In my telemedicine days, I complained constantly about the dual data entry I was forced to do. "Dual" in that I was seeing patients through a platform that could easily have recorded the visit, but I was still obligated to generate a note for billing purposes. I don't mind writing notes; I write pretty comprehensive recommendations on platforms like RubiconMD. It's the tedium of being a data entry clerk and recording things that no one will ever read that's tough. Notes are for doctors to communicate: What problem are we collectively trying to solve? What changes are we seeing in lab results or symptoms or tumor size?

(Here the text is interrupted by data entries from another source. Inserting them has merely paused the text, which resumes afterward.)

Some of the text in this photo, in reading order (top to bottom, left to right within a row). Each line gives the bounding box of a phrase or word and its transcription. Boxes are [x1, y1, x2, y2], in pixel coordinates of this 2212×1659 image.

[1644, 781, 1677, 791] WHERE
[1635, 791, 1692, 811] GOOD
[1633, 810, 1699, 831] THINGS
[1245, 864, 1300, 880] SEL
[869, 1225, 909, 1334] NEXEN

For that communication to happen, the notes need to be pretty short, including some objective measures and beyond that, basically just the assessment and plan. No doctor has ever--ever--reviewed the Review of Systems from another doctor's note. Ever. But we're required to record an ROS so that we can bill under E & M (Evaluation and Management) codes, introduced to much criticism in the mid-1990s. Ditto the family history; when I see an endocrine patient, I sometimes have very specific questions about genetics and family history that are astonishingly unlikely to be included in a note from a primary care doc or, say, a general surgeon. But I dutifully click through the multiple screens that it takes to enter the information, just so that other docs can ignore it. This process, combined with the poor design of most electronic health records, is a primary driver of physician burnout, according to a 2013 RAND analysis. The assessment and plan is, I'm confident, the only part of the note that is consistently read by other docs. That's why, back in my salad days of old-fashioned transcription, I put the A/P at the top of my note. Docs could read it first, and then they could look at whatever other parts of the note they needed to only as-needed.

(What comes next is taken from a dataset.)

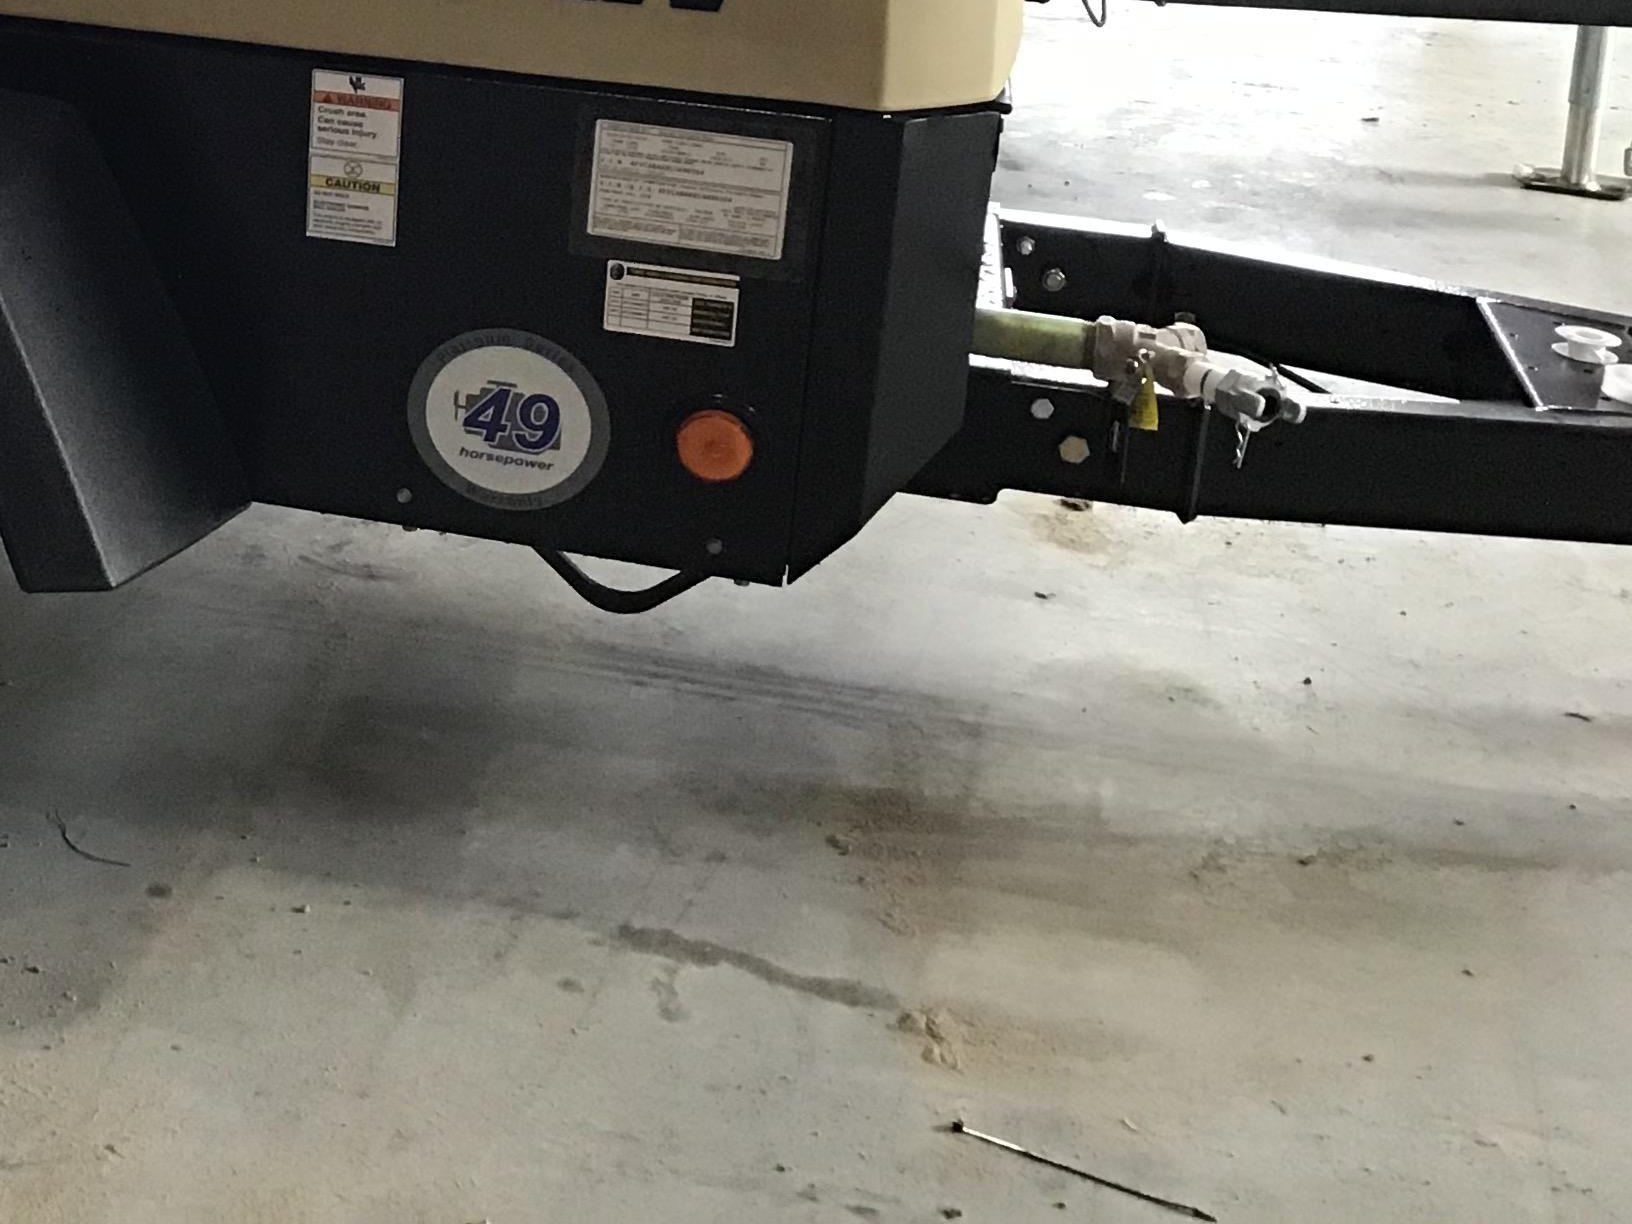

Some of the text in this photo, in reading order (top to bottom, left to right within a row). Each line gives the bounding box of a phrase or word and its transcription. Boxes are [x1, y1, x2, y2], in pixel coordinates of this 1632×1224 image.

[318, 116, 335, 124] Can
[325, 178, 380, 192] CAUTION
[463, 386, 560, 452] 49
[459, 446, 555, 472] horsepower

Notes increasingly are for patients, too. Open Notes, a project originally started in Boston kinda sorta over the objections of docs, has proven popular with patients and with providers. Patients like having access to the chart (duh). But I think the actual recording of the visit, like in the video above, may serve a better purpose for the patient, who can go back and review the doctor's words. The written note, conversely, may be a better place for the patient to record corrections or to report new symptoms.
The "Snapchat for medical visits," as some people are calling apps like Medical Memory, gives me the cold shivers. That comes as no surprise to anyone who has bumped up against my fear and loathing of social media. But even now, without the aid of dedicated software, patients surreptitiously record the audio of a large number of visits (as much as 15% of patients, according to one cross-sectional study. Why not allow docs to use the patient recording (with both patient and physician consent, and with both having access to the recording) to account for the majority of the documentation? In such a model, the physician would simply have to record an assessment and plan?
It's reasonable to wonder how the recording could be used for billing, since coders historically go through written notes and check off various elements of the exam. But I'm confident that most of the complexity of the visit could be ascertained from the content of the assessment and plan; it would require no more coaching (and far less implicit encouragement of "chart buffing") than what coders do with residents and docs now.